In May 2018, Treasury released draft legislation to implement the integrity measures directed at stapled structures, previously announced by the Government in March 2018.
The draft legislation represents the first tranche of the Government’s integrity package, relating to the first four measures previously announced and directed at stapled structures. It is understood that draft legislation on the agricultural MIT changes will be released in due course.
The Measures: A Summary
Measure A: Increasing the MIT withholding rate
The MIT withholding rate for fund payments that are attributable to ‘non-concessional MIT income’ will be increased from 15% to the corporate tax rate. In summary (and subject to exceptions and carve outs) an amount is ‘non-concessional MIT income’ where it is attributable to a cross staple payment.

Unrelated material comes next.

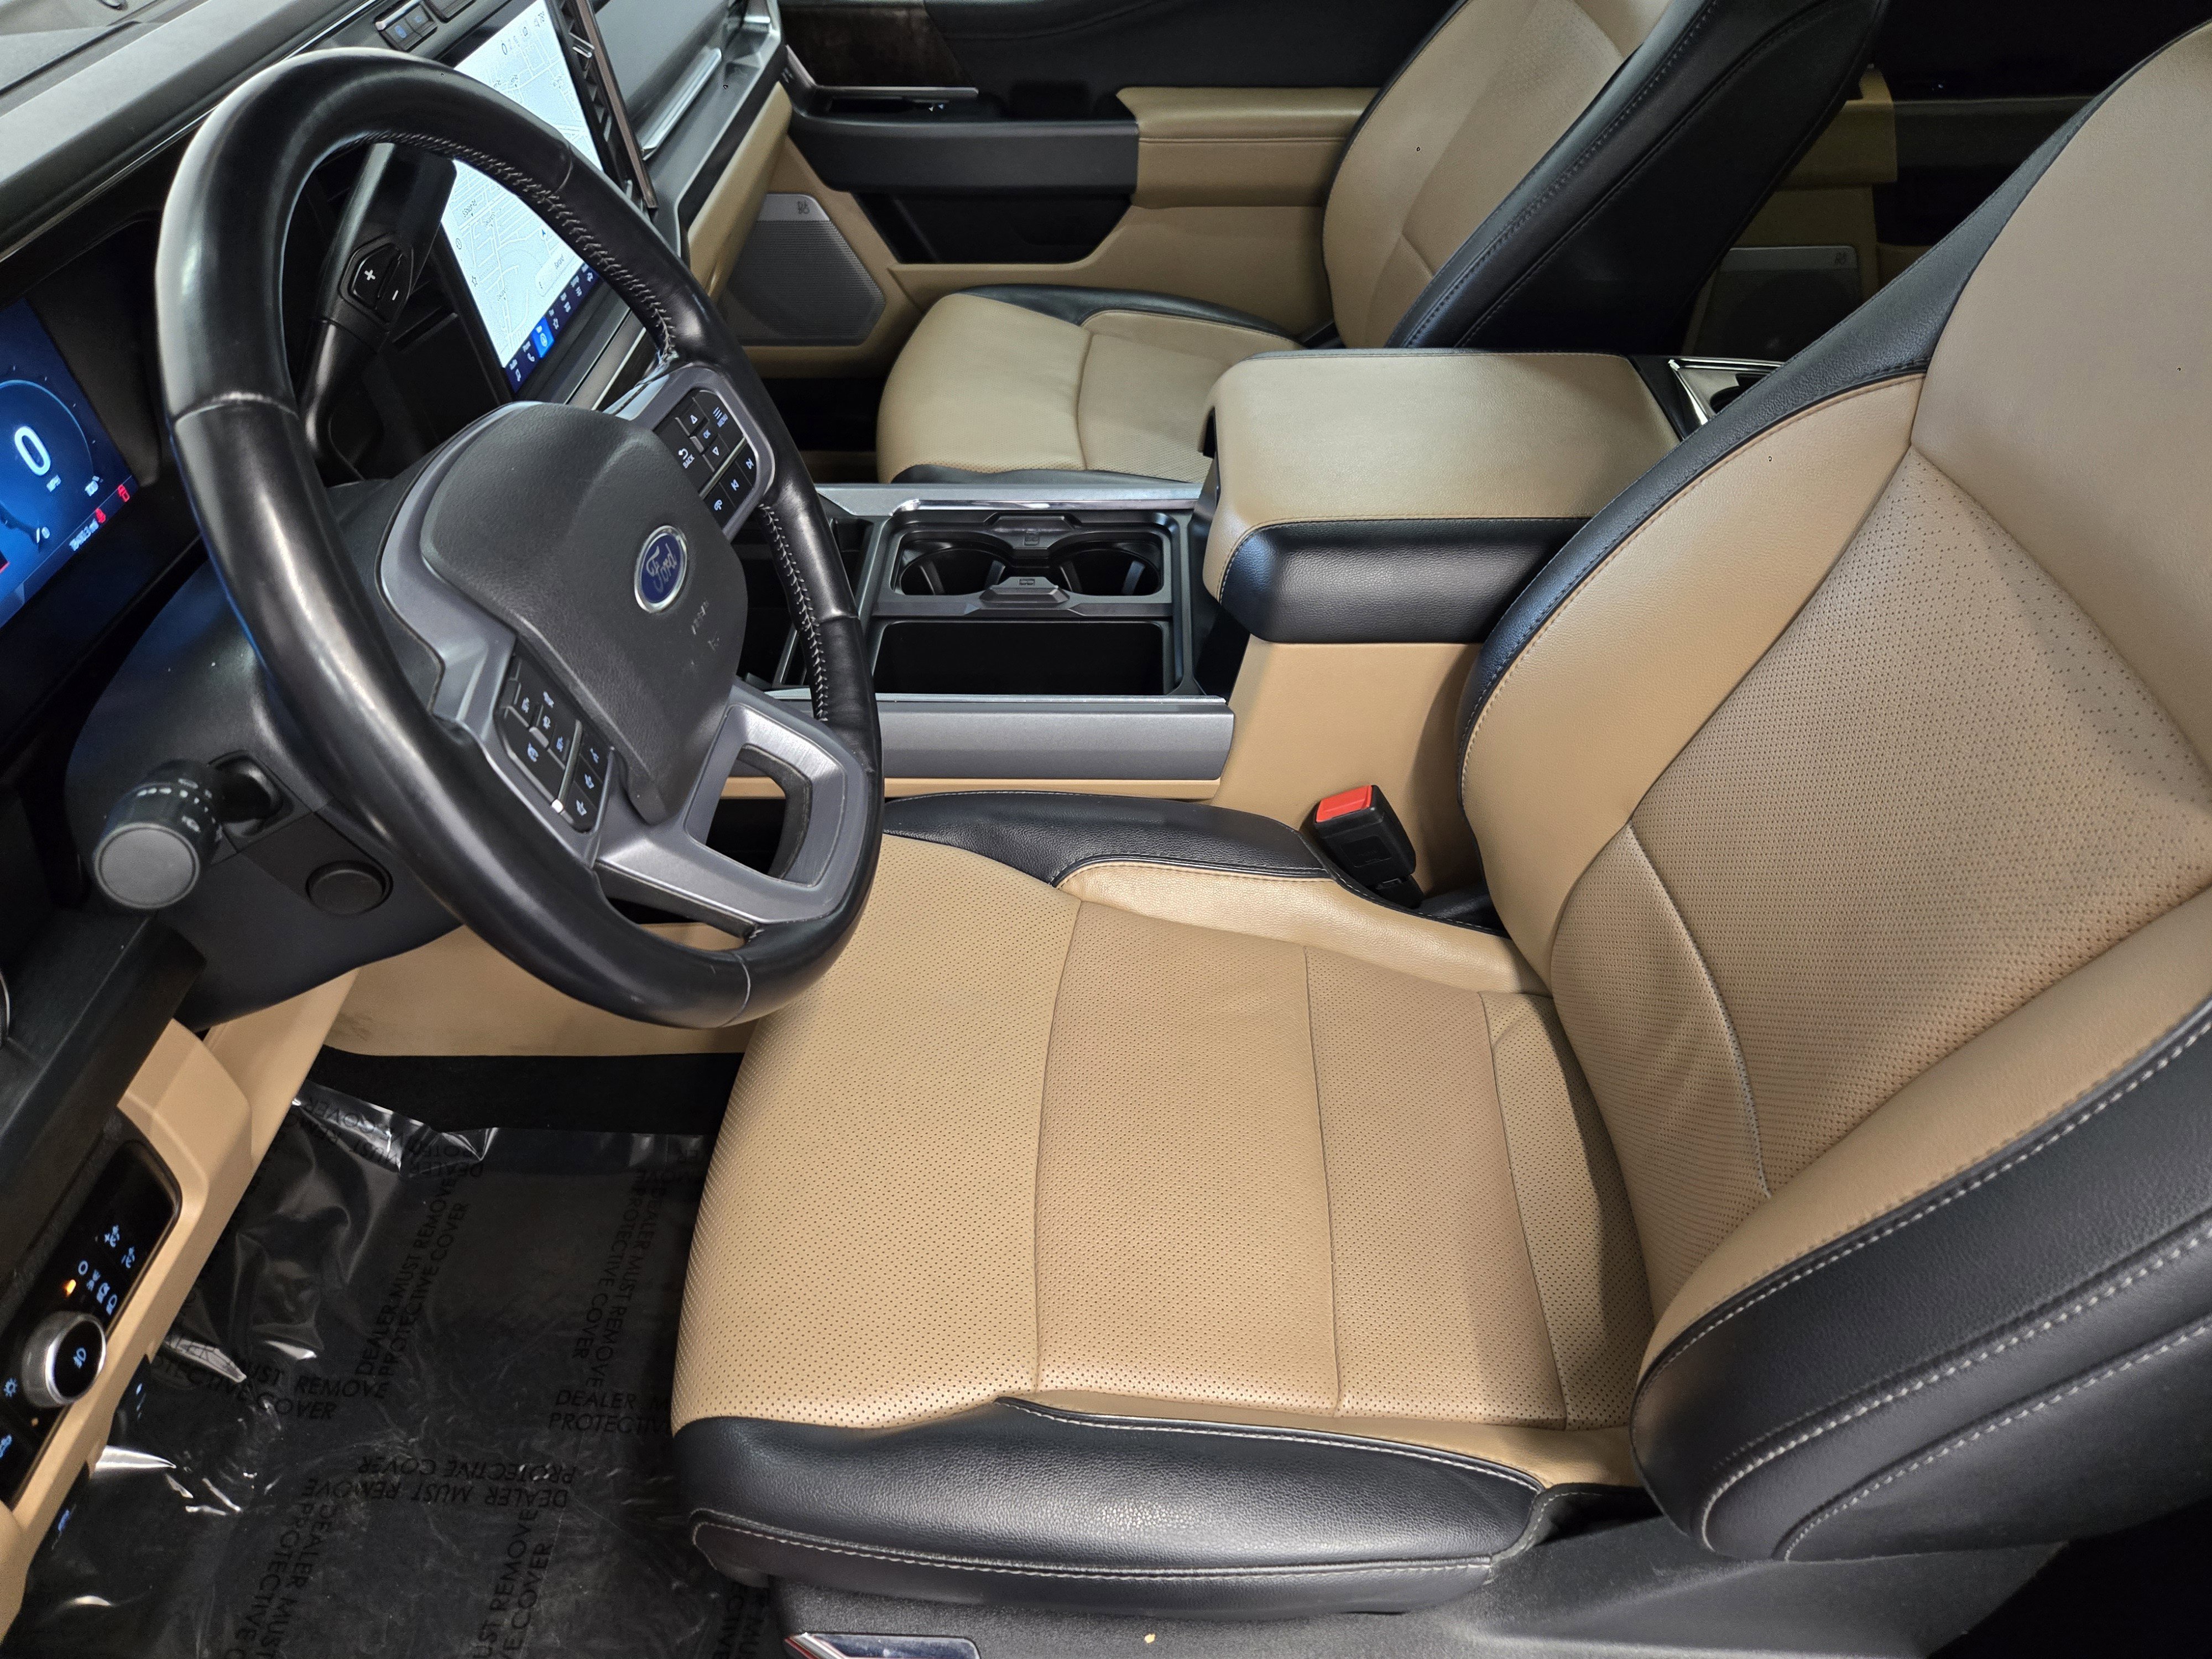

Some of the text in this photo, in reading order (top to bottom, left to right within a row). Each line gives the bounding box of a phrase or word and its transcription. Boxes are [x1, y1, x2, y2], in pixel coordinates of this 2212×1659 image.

Measure B: Preventing Double Gearing
The thin capitalisation rules will be amended to limit upstream gearing within stapled structures.
Measure C: Foreign Pension Funds Exemptions
The exemption (from interest and dividend withholding tax) for foreign pension funds which are exempt from income tax in their country of residence will be limited to circumstances where the income is attributable to portfolio-like investments. That is, where the foreign pension fund holds an ownership interest of less than 10% and does not have influence over the entity’s key decision-making.
Measure D: Sovereign Immunity Tax Exemption
Sovereign investors will only be exempt from Australian taxation in respect of ownership interests of less than 10% and where they do not have influence over the entity’s key decision-making. The description of ‘influence’ is consistent with the foreign pension fund withholding tax exemption.
The Measures: The Impact
Measures A, C & D will apply from 1 July 2019, but arrangements in existence at the date of the announcement (27 March 2018) will have access to a seven year transitional period. Additional time will be provided for sovereign investors who are covered by an Australian Tax Office Ruling.
Whilst the draft legislation provides transitional periods in terms of existing structures, managers and investors are strongly encouraged to review their structures in light of the proposed changes. For new funds (or existing funds undergoing structural changes) consideration should be given to the use of MITs and stapled structures if at all, as these proposed new laws will limit the tax benefits of operating a stapled structure. Managers should also review their investor list and check whether any pension or sovereign funds will be affected.